La vigilance porte alors sur le poids, les supports et les fixations. Un vitrage peut représenter une charge significative, par exemple autour de 20 kg/m² selon sa composition. La structure porteuse, les attaches continues et les tolérances de pose doivent donc être cohérentes avec le procès-verbal et le domaine d’emploi du produit.
Bien choisir et installer : les critères qui évitent les non-conformités
Le bon écran n’est pas seulement celui qui affiche le bon classement feu. C’est celui qui correspond au scénario de désenfumage, au bâtiment et aux contraintes de chantier. Avant de retenir une solution, il faut croiser les plans, la réglementation applicable, les hauteurs disponibles, les réseaux techniques en plafond et les conditions de maintenance.
- Identifier le bâtiment : ERP, ERT, ICPE ou autre configuration réglementaire.
- Définir les cantons : surface, longueur, hauteur libre de fumée et position des exutoires.

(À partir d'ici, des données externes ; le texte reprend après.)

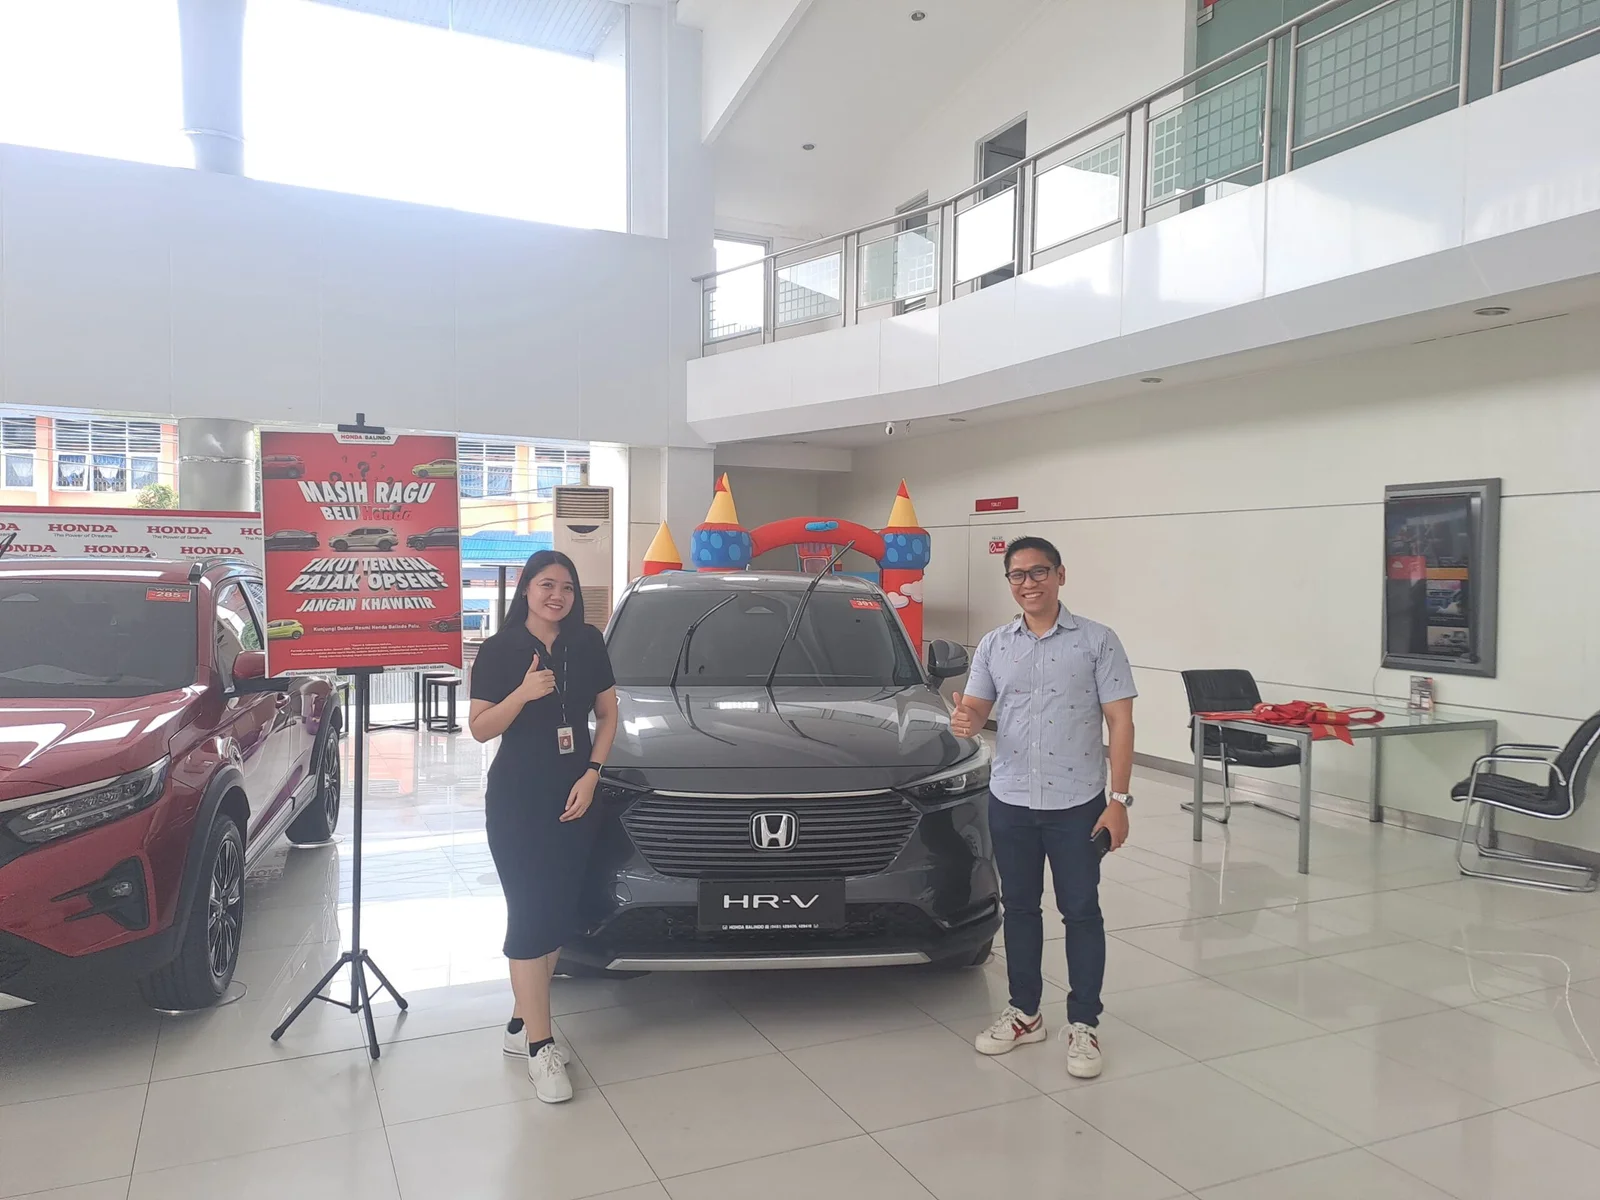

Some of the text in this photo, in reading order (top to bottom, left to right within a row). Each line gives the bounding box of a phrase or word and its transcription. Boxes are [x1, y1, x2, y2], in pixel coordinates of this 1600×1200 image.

- Choisir le type d’écran : fixe, mobile, rigide, flexible ou vitré selon l’usage.
- Vérifier les classements : stabilité au feu, DH 30, M1 ou B s3 d0 selon le besoin.
- Contrôler la pose : support, fixations, continuité, obstacles et conformité au procès-verbal.
Sur un projet neuf, l’écran de cantonnement doit être intégré tôt, idéalement dès la conception du désenfumage naturel ou mécanique. En rénovation, l’enjeu est souvent plus délicat. Réseaux existants, faux plafonds, charpente, contraintes d’exploitation et coactivité peuvent imposer une solution sur mesure.
Pour sécuriser une prescription, il faut demander un cahier technique, les justificatifs de classement et, si nécessaire, un avis d’un fabricant ou d’un bureau d’études spécialisé. Un devis pertinent doit préciser le type d’écran, ses dimensions, son mode de fixation, ses performances feu et les limites exactes de son domaine d’application.